Si bien el motor del proyector podía alcanzar un aspecto febril, ya que para solucionar la limitación que ofrecía tener corriente continua debían bajar el flujo de los 220 watts a través de una resistencia, lo que se incendiaba era la instalación eléctrica, precaria, vieja y emparchada, con cables de tela en un sostenido mírame y no me toques, que llenaba la cabina de humareda. Pero técnicamente lo que originaba aquellas interrupciones abruptas —y por lo general, inoportunas: siempre se cortaba una escena clave— era el estado del celuloide, en copias muy trajinadas que se fracturaban y debían ser cosidas con acetona en vivo por Carlitos Góngora, un artesano que pese a haber sufrido la amputación del brazo derecho se las ingeniaba para trabajar en simultáneo con los dos emisores, hacer el cambio del rollo sin que se notara el empalme e intervenir el tramo de película deteriorado. Eran tiempos en que el cine era alquilado por el empresario Rubén Simonetti, quien rotaba el programa entre varias salas del sur de la Capital, por caso Sarandí, Avellaneda, Calzada y Lanús entre tantos o alquilaba salas temporarias en puntos cercanos a la Costa Atlántica, y las distinguidas instalaciones pasaban por una etapa de opacidad: todo se veía lúgubre, varias filas de asientos estaban vencidas o incompletas, butacones rotos y con el cuero rajado y sin goma espuma, un olor intenso mezcla de baldazos de acaroina, pis de gatos, tirantes humedecidos y fluidos humanos, y unas pulgas que más que ronchas, eran capaces de desencadenar cráteres. Para colmo, las instalaciones se habían vuelto contratérmicas: en invierno hacía más frío que afuera y en verano podías derretirte mirando la pantalla, lo que denunciaba la falta de mantenimiento de la calefacción y la refrigeración. Eso sin detenernos en la proliferación de goteras que en algunos días de lluvia obligaban a colocar baldes en los pasillos y que algunos del público siguieran las incidencias de la trama con el paraguas abierto.

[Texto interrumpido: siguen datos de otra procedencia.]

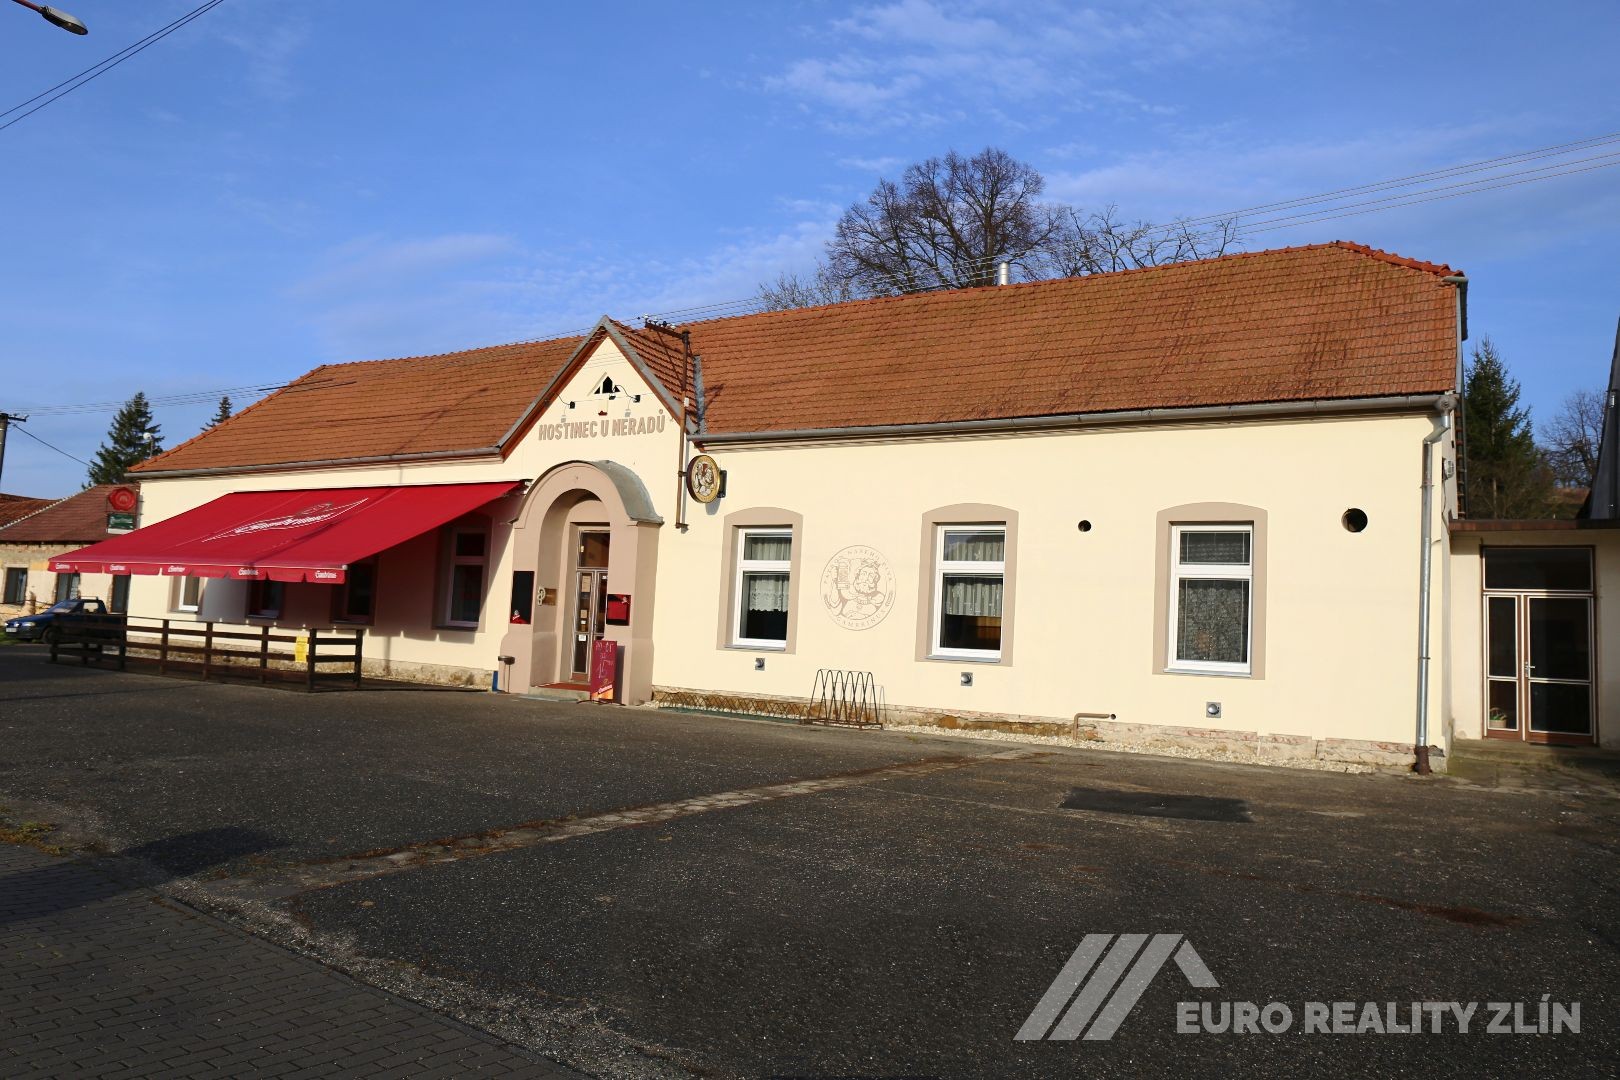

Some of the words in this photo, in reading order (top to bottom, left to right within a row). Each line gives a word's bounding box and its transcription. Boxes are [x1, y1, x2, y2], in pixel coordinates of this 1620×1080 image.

[538, 421, 598, 441] HOSTINEC
[600, 419, 609, 437] U
[612, 408, 666, 436] NERADŮ

Fragmento de la novela El aparador de Zulema (2024).
El aparador de Zulema (Planeta, 2024) es la primera novela de Daniel Roncoli, autor que ya supera los doce libros publicados. Se trata de una narrativa ficcional de la manzana de Cañuelas donde nació y aún vive, recreando las historias de una serie de vivencias y personajes, muchos de los cuales encuentran aquí por primera vez su retrato.
El libro se presentó en CABA (Biblioteca Nacional) y en Cañuelas (Instituto Cultural).